Showing Hospitality to "the Least of These"


“So the disciples did as Jesus had directed them and prepared the Passover. When evening came, Jesus was reclining at the table with the Twelve. And while they were eating, he said, “Truly I tell you, one of you will betray me…” Then Judas, the one who would betray him, said, “Surely you don’t mean me, Rabbi?” Jesus answered, “You have said so.”
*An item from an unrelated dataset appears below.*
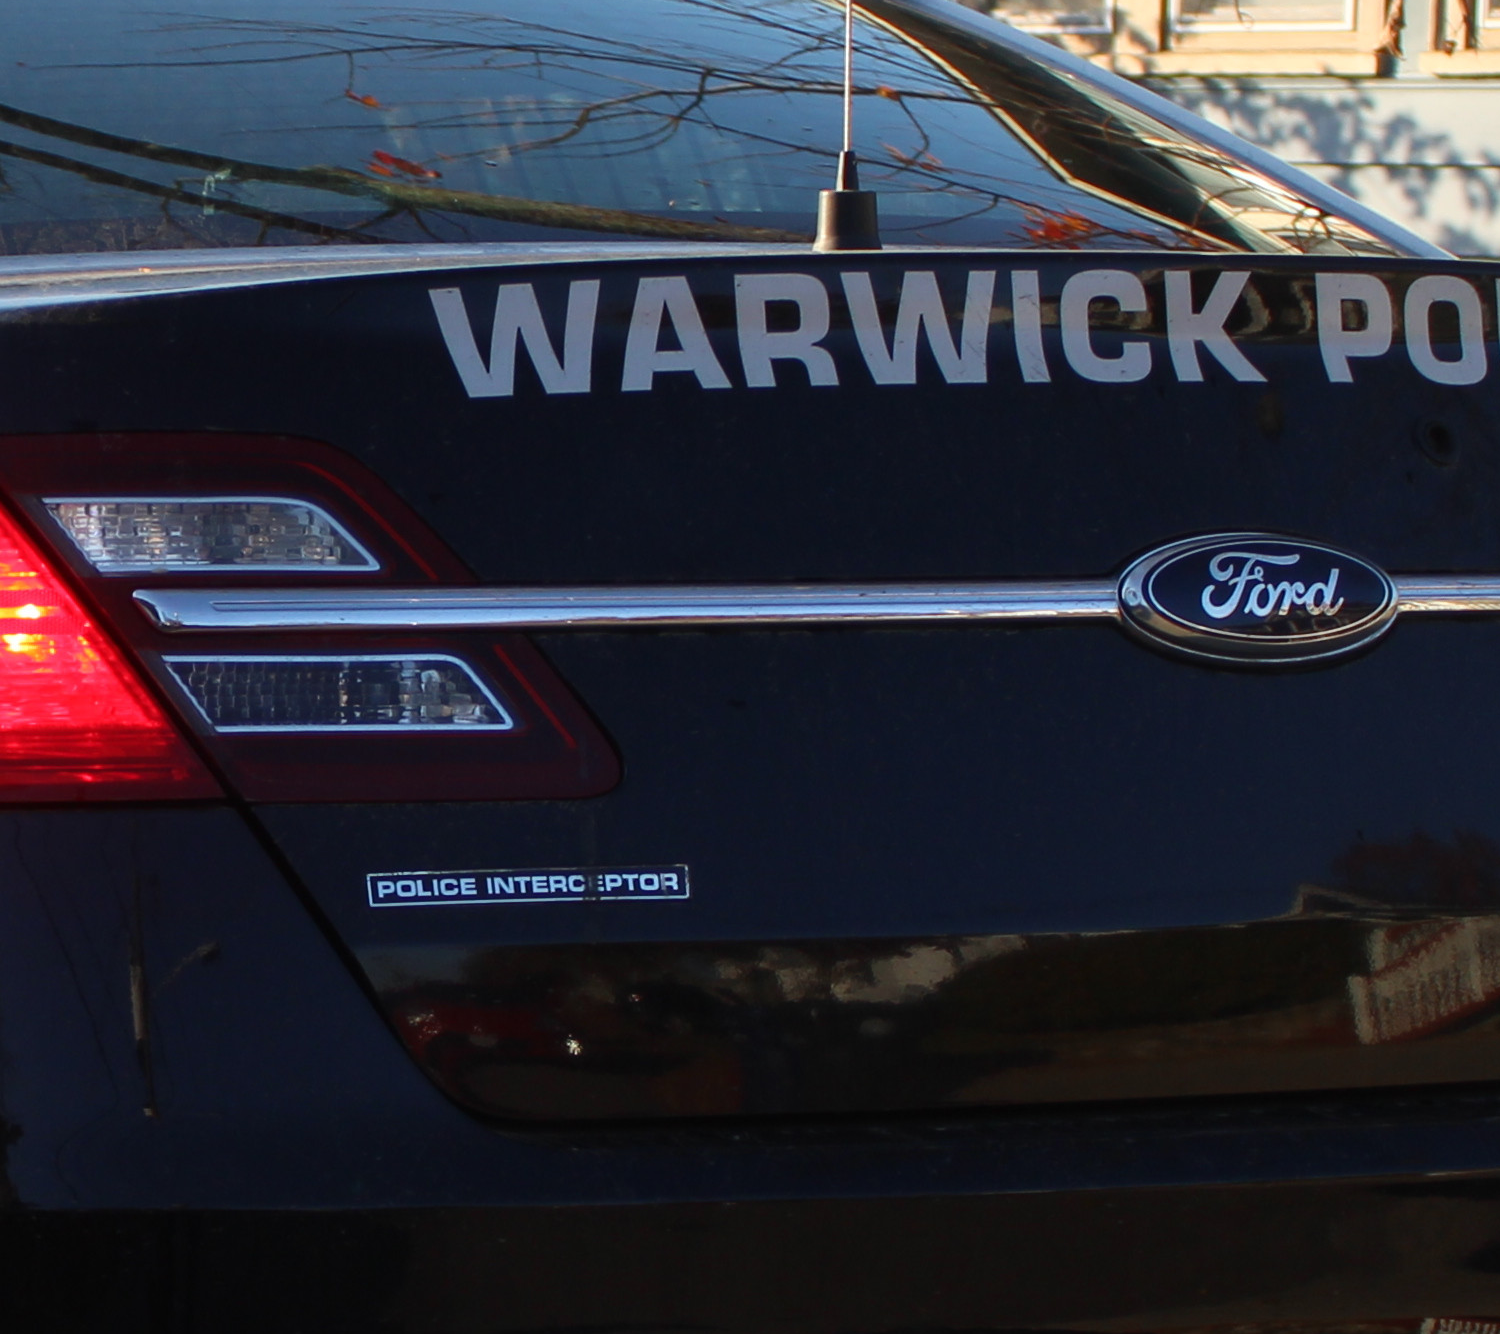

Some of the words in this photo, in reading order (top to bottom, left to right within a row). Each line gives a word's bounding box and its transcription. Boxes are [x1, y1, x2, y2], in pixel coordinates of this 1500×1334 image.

[428, 270, 1268, 398] WARWICK
[1201, 551, 1344, 619] Ford
[376, 877, 478, 898] POLICE
Can you imagine the emotion in the room that night? These men had spent three years together. They were family. They had traveled, on foot, nearly 3,000 miles, through the heat of the wilderness and through freezing cold. They had fed thousands upon thousands of people - from nothing; they watched as Jesus made a blind man see, and they stood by as the lame were made to walk again. They were present to witness the grief of a father whose young daughter had just died and the overwhelming joy of that same daddy when his little girl was brought back to life. Lepers were made well. Spirits were cast to the wayside, and raging storms were calmed by a simple command.


All of this they experienced - together - and it came to an end as they were reclining around a table and eating what would be their last meal together. Can you imagine the eyes of Judas meeting the eyes of Jesus that night? Can you imagine the heaviness in the hearts of both men as Judas asked Jesus, “surely, you don’t mean me?”


I’ve never been in the position of inviting someone to my table who I knew would be responsible for my death, and I don’t want to compare anything you or I will ever face to the events Jesus endured following that night. But, if we can learn to look at the difficult people in our lives the same way Jesus looked at Judas - if we had a purpose for our service to others that reached beyond ourselves, then we'd have a much easier time dealing with those in our own lives who hurt us. Disclaimer - I’ve never been any good at this.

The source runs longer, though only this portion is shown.